Upcycling. That is where you take things that were made forother purposes and you reuse them for theatre. For Peter Pan, we’re using the ground cloth from Charlotte’s Web as the floor scheme. Instead of it being a floor of a barn, now it’s the top of a table.
How do you want the audience to feel when they see your set?
I want to bring them into the world of the play and then establish an aesthetic. Set the rules for the world that we’re creating and be consistent with those rules. I want them to feel like they are a part of the production.
What kind of set did you build and what is the color scheme?
We like concepts that we can boil down into quick sentences, so my concept is literally from page to stage. I want the world to evolve from the book, from the text, so my color scheme is the book. All of the naturalistic interior colors that come with a nursery will be accomplished through lighting, and then all of the environments in Neverland will be a combination of lighting and projection. It’s a unit set with some movable pieces of furniture. When looking at the set the difference between the nursery and the different locations of Neverland will be accomplished with lighting and projection, and the rest is your imagination.

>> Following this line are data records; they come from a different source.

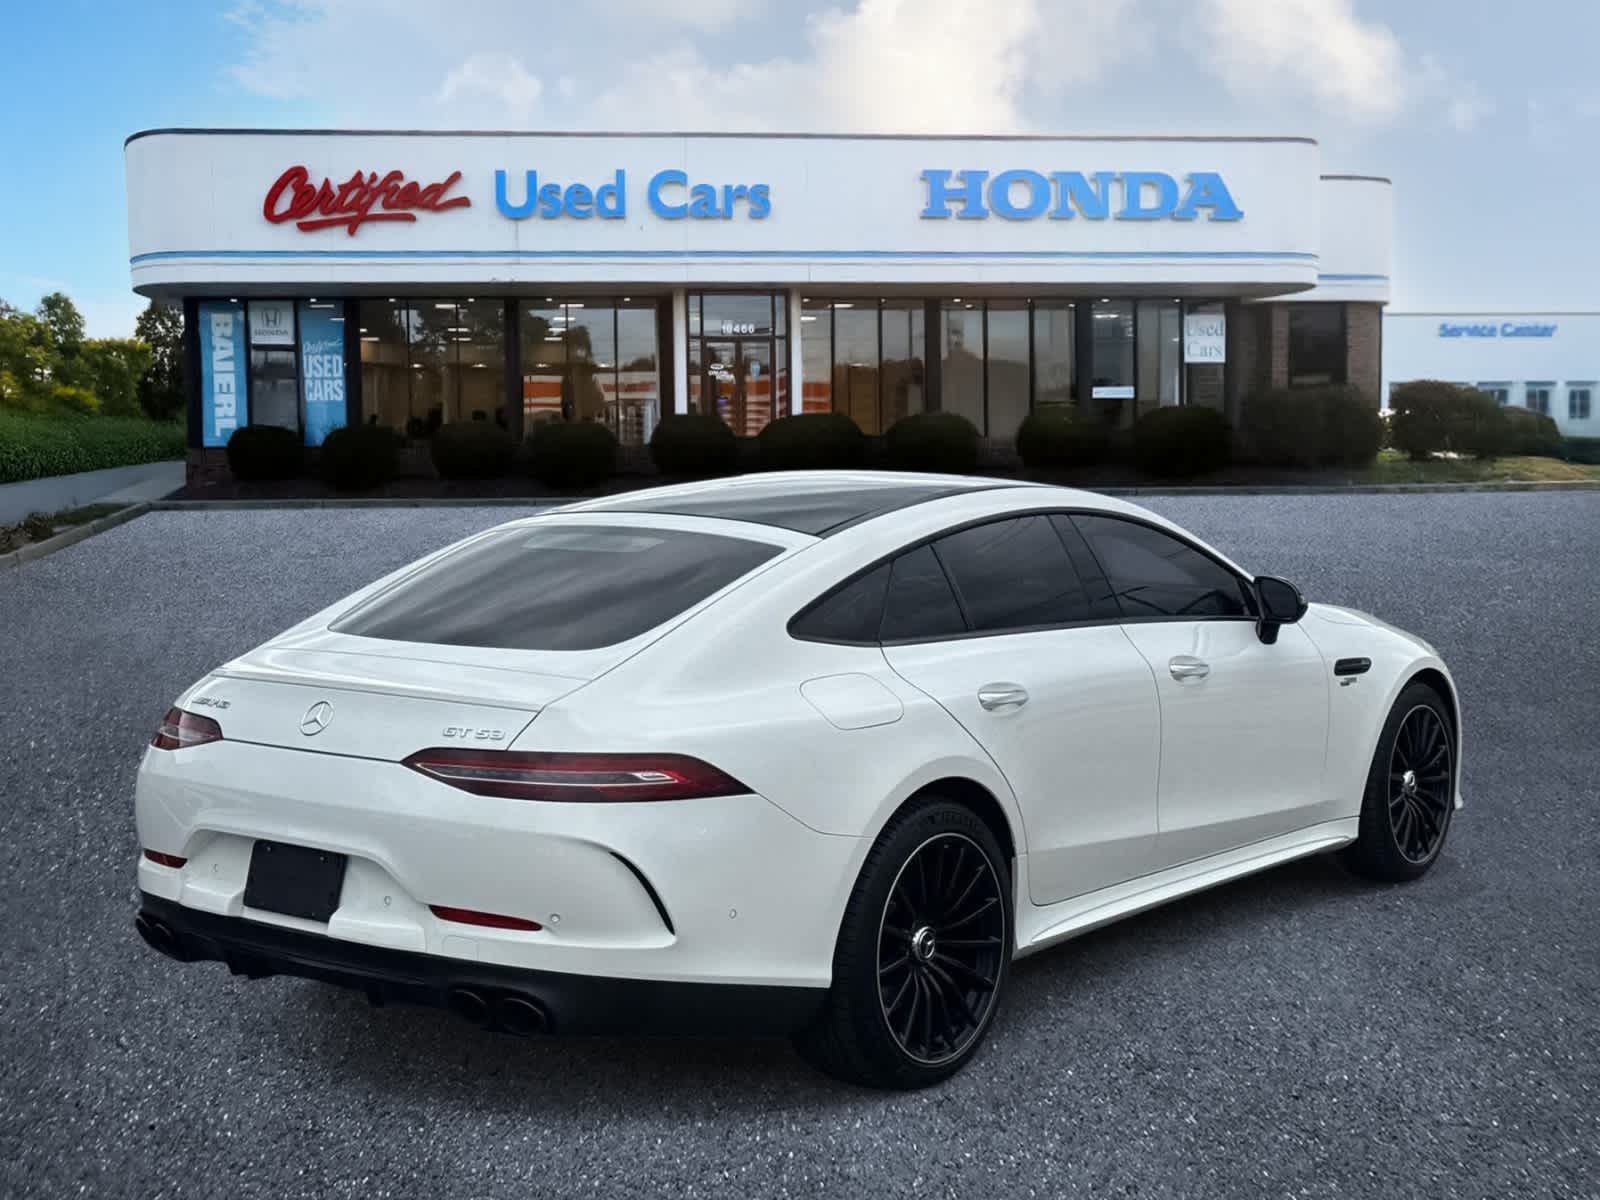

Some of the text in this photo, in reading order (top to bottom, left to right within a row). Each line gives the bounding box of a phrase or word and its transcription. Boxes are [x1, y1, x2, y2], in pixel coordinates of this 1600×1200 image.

[263, 165, 771, 236] Certified Used Cars
[920, 169, 1245, 221] HONDA
[1185, 319, 1224, 337] Used
[1438, 321, 1557, 337] Service Center
[1186, 341, 1223, 357] Cars
[210, 312, 237, 437] BAIERL
[303, 354, 343, 377] USED
[304, 379, 344, 401] CARS
[442, 727, 505, 741] GT 53

What is your favorite part of the set?
When I’m looking at a set I don’t necessarily like to look at masking curtains (black curtains that frame the scenery). I always want there to be some sort of set in the environment, and I’m accomplishing that with these tree silhouettes. These dancers have trees growing out of them with interesting butterflies as if they were the leaves of the trees coming out of the branches, mixed in with some tiny fairy lights. I think it will be a pretty picture frame.

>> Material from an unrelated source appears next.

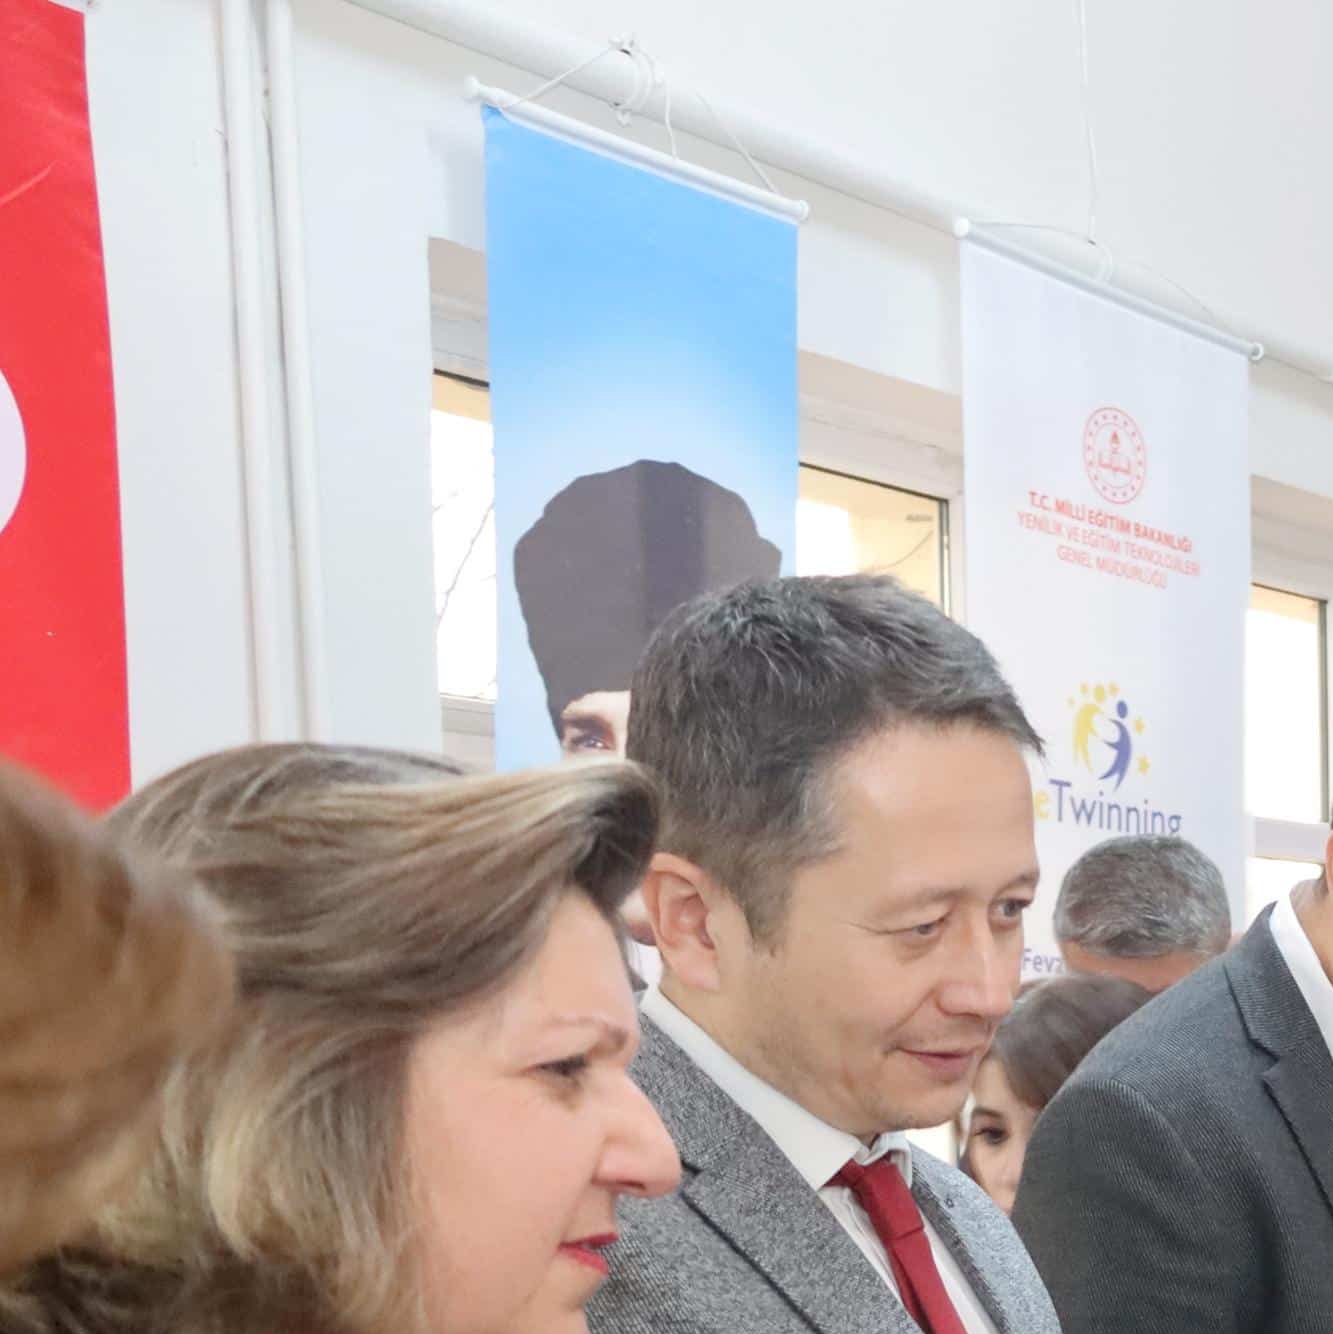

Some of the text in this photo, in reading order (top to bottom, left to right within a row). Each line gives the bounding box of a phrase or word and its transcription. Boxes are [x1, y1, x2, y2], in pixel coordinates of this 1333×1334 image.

Is there something you wish you could have added?
Real water and a pirate ship. I always like that element of water in a production, bringing natural elements into an environment. It would basically be a portion of the stage that would be sort of a pool and you would be able to bring things in from the wings floating in, like a boat or some mermaids.
How can someone get into or learn more about set design?
To know that designing is a thing is the first step. Wondering what the stage would look like for any medium: theatre, film, bands, video games, etc. Whatever the field, it would be the best thing is to look up other designers.
How can someone get into or learn more about set design?
Draw. Look at the world around you and sketch and doodle. The only thing you need to be a designer is a pencil and a piece of paper and an imagination.
Dive in Deeper:
Playing with Shadows
In the story of Peter Pan, Peter loses his shadow and asks Wendy for help to put it back on. Wendy uses a needle and thread to help him re-attach it. In real life, we can’t sew our shadows back on! Sometimes, we can’t see our shadows because it’s cloudy outside.
What else do you think affects when we can see our shadows? How do shadows look different from person to person? What kind of shadows do different objects make? Make a hypothesis about shadows and test it out with an adult!
- Go on a treasure hunt for shadows. What things make shadows? What doesn’t make a shadow?
- Ask an adult or a friend to trace your shadow on the sidewalk. Help them do the same thing! Look to see how your shadows are different, and how they’re the same.
- Use different objects and see what their shadows look like. How do the shadows change in size and shape?
- How do shadows change based on how close or how far you are from the light source? How big can you make a shadow? How small can you make it?